[EXCERPTED DATA]
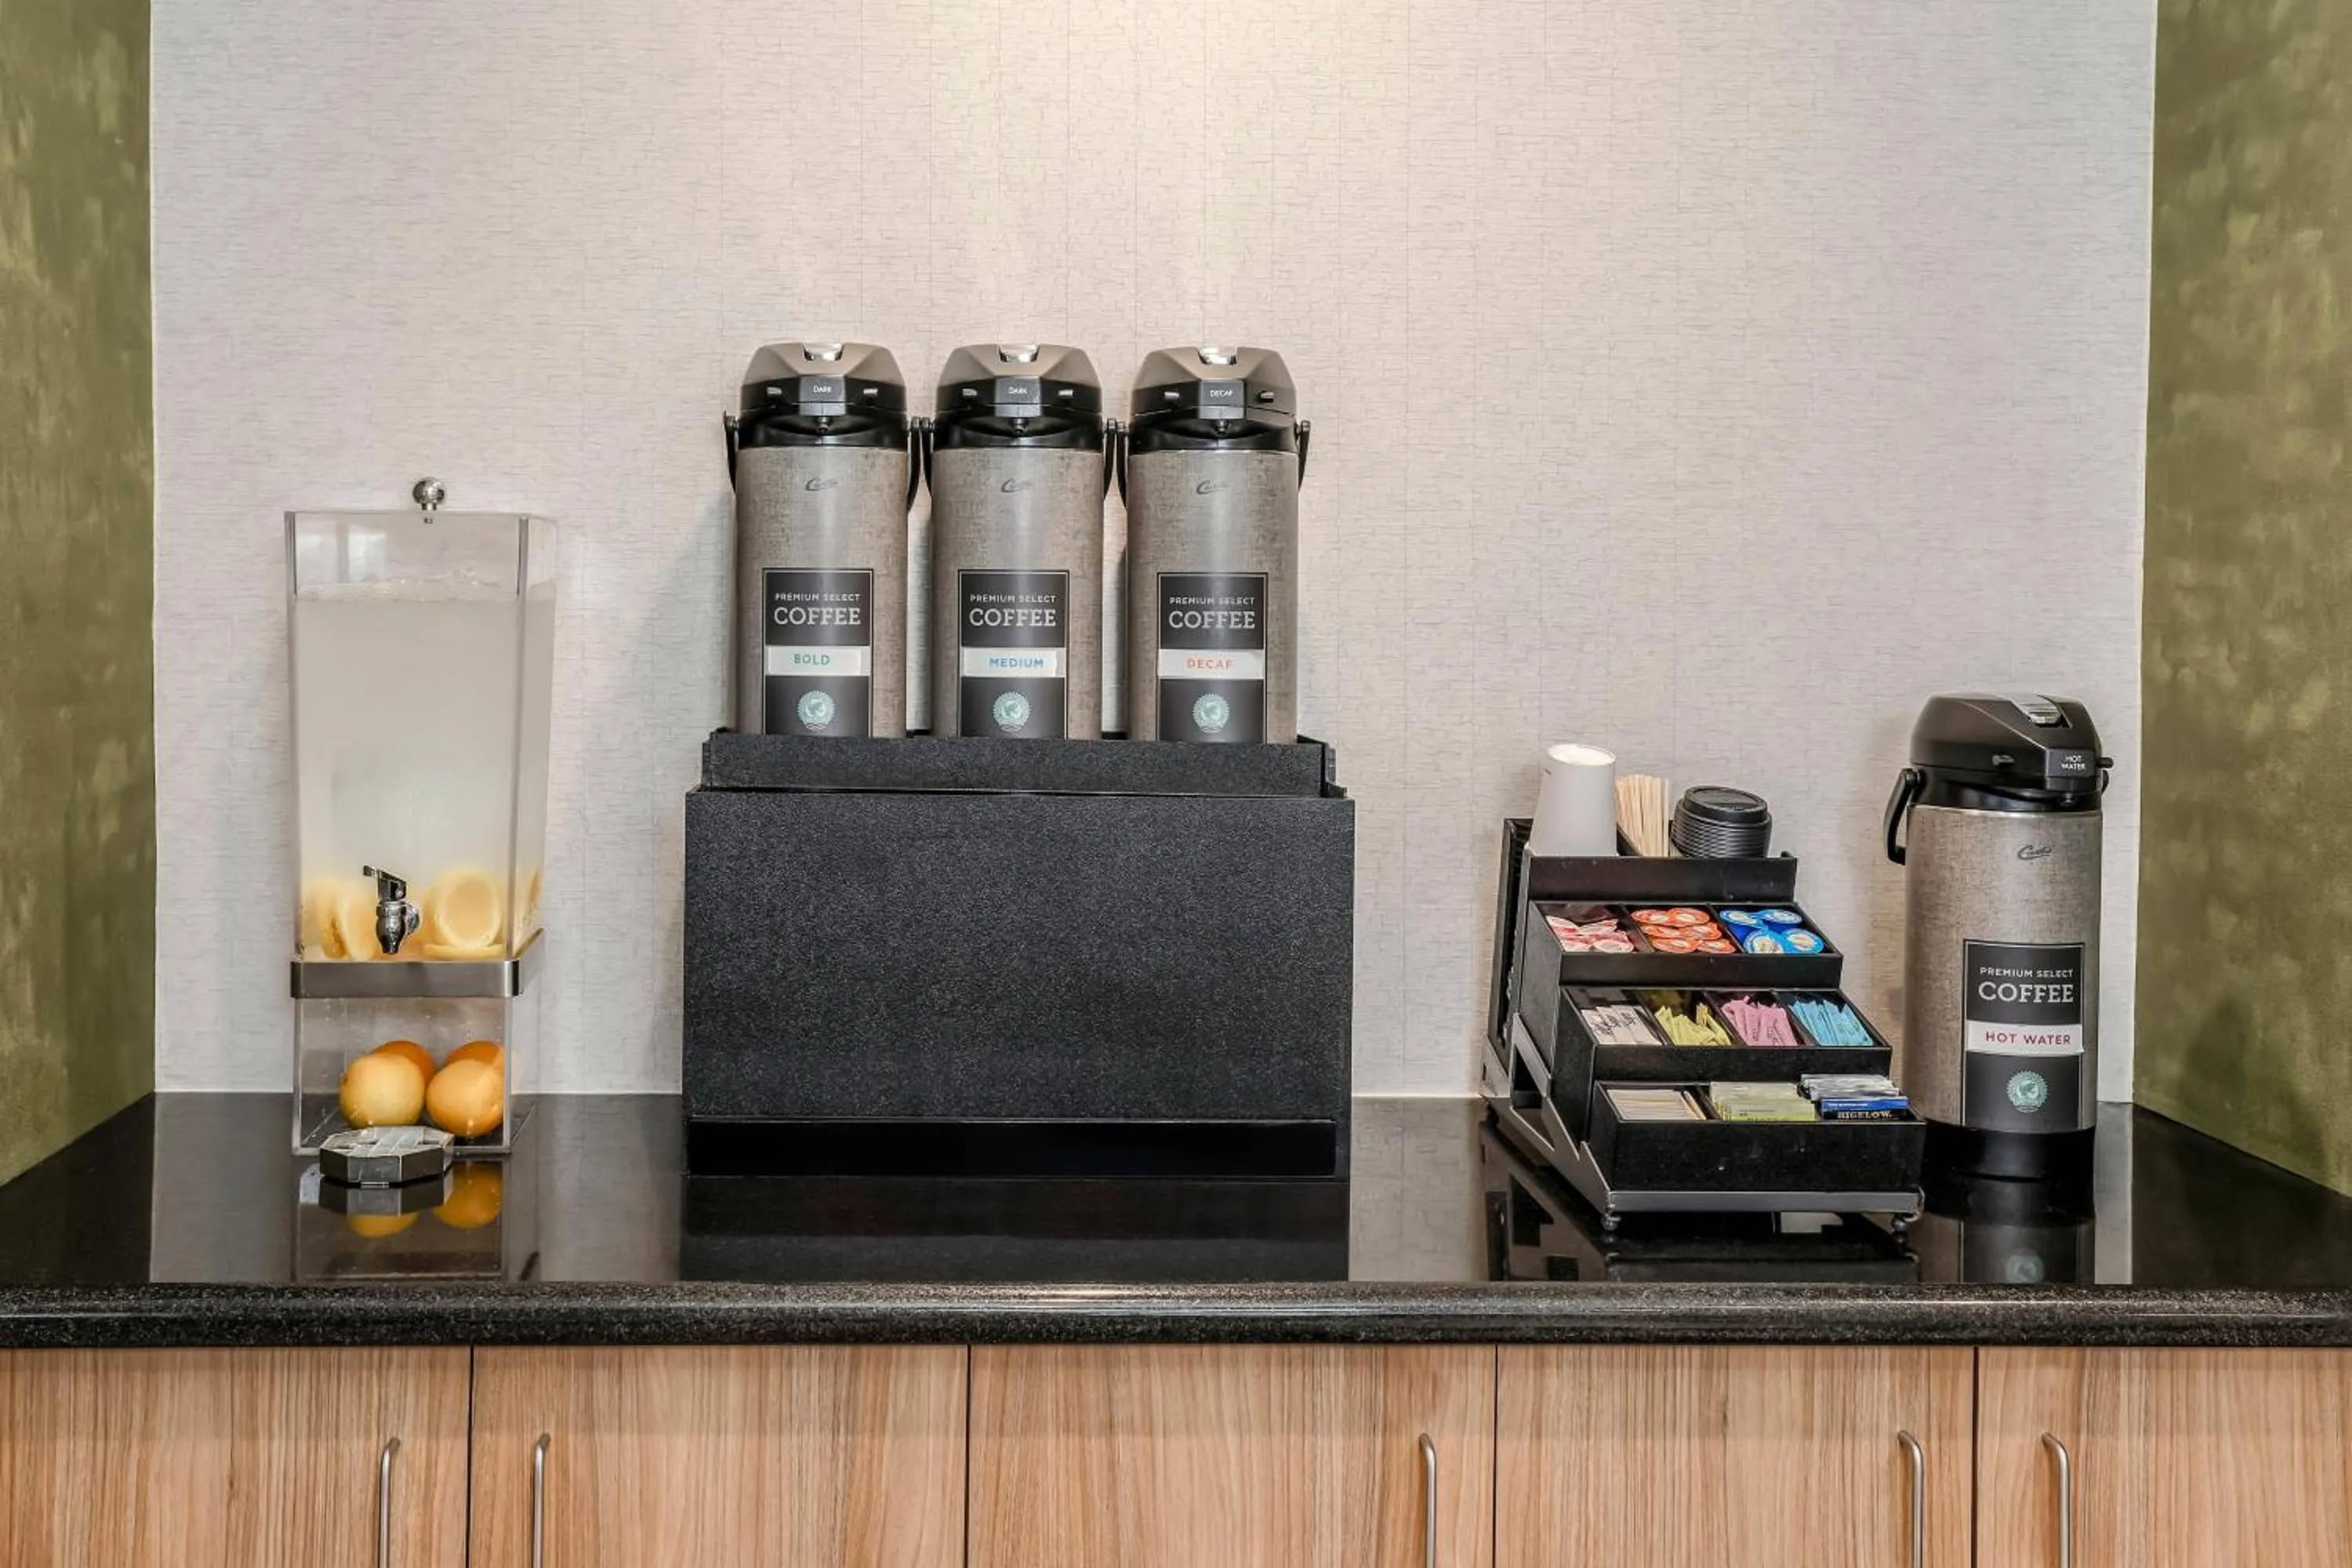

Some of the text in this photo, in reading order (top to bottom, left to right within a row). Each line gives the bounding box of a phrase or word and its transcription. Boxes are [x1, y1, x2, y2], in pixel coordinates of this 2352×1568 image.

[1210, 390, 1233, 398] DECAF
[775, 593, 862, 602] PREMIUM SELECT
[970, 593, 1058, 603] PREMIUM SELECT
[774, 607, 861, 626] COFFEE
[969, 608, 1057, 626] COFFEE
[1168, 611, 1255, 629] COFFEE
[793, 654, 831, 666] BOLD
[989, 657, 1044, 667] MEDIUM
[1186, 659, 1234, 670] DECAF
[1980, 967, 2074, 978] PREMIUM SELECT
[1978, 982, 2074, 1003] COFFEE
[1986, 1031, 2071, 1045] HOT WATER
[/EXCERPTED DATA]
Could all the data above be given again exactly, leaving out its images?

— ANSWER BELOW —
Some of the text in this photo, in reading order (top to bottom, left to right within a row). Each line gives the bounding box of a phrase or word and its transcription. Boxes are [x1, y1, x2, y2], in pixel coordinates of this 2352×1568 image.

[1210, 390, 1233, 398] DECAF
[775, 593, 862, 602] PREMIUM SELECT
[970, 593, 1058, 603] PREMIUM SELECT
[774, 607, 861, 626] COFFEE
[969, 608, 1057, 626] COFFEE
[1168, 611, 1255, 629] COFFEE
[793, 654, 831, 666] BOLD
[989, 657, 1044, 667] MEDIUM
[1186, 659, 1234, 670] DECAF
[1980, 967, 2074, 978] PREMIUM SELECT
[1978, 982, 2074, 1003] COFFEE
[1986, 1031, 2071, 1045] HOT WATER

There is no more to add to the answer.